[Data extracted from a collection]

※

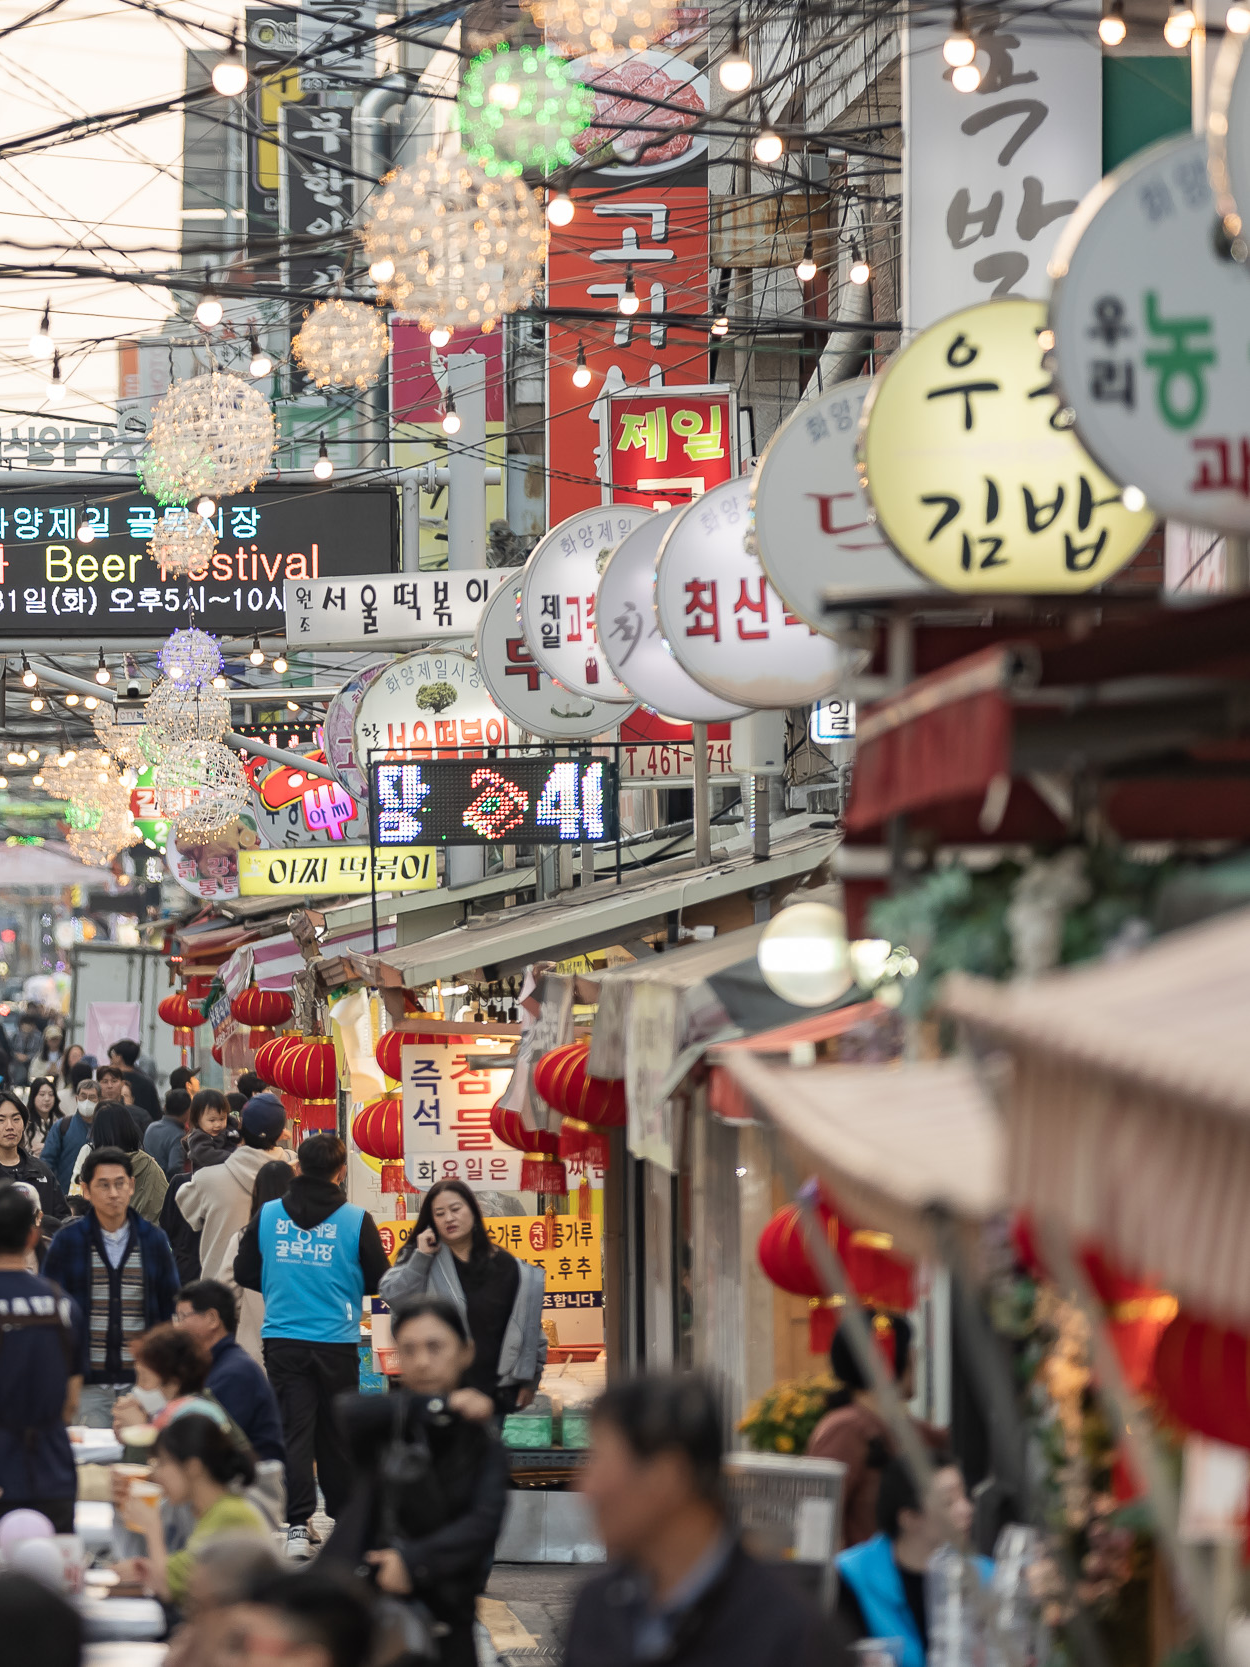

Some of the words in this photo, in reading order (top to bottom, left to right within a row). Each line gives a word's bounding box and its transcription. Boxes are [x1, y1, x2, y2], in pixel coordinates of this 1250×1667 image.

[616, 405, 725, 463] 제일
[920, 475, 1124, 573] 김밥
[45, 545, 142, 584] Beer
[296, 586, 314, 633] 원조
[322, 578, 489, 635] 서울떡볶이
[541, 594, 561, 649] 제일
[385, 658, 481, 695] 화양제일시장
[268, 856, 329, 884] 아찌
[410, 1059, 443, 1136] 즉석
[417, 1158, 509, 1183] 화요일은
[276, 1240, 335, 1261] 골목시장
[531, 1224, 546, 1251] 국산

※

### YOUR TASK
Output the entries above exactly, without their pictures.

### RESPONSE AREA
Some of the words in this photo, in reading order (top to bottom, left to right within a row). Each line gives a word's bounding box and its transcription. Boxes are [x1, y1, x2, y2], in pixel coordinates of this 1250×1667 image.

[616, 405, 725, 463] 제일
[920, 475, 1124, 573] 김밥
[45, 545, 142, 584] Beer
[296, 586, 314, 633] 원조
[322, 578, 489, 635] 서울떡볶이
[541, 594, 561, 649] 제일
[385, 658, 481, 695] 화양제일시장
[268, 856, 329, 884] 아찌
[410, 1059, 443, 1136] 즉석
[417, 1158, 509, 1183] 화요일은
[276, 1240, 335, 1261] 골목시장
[531, 1224, 546, 1251] 국산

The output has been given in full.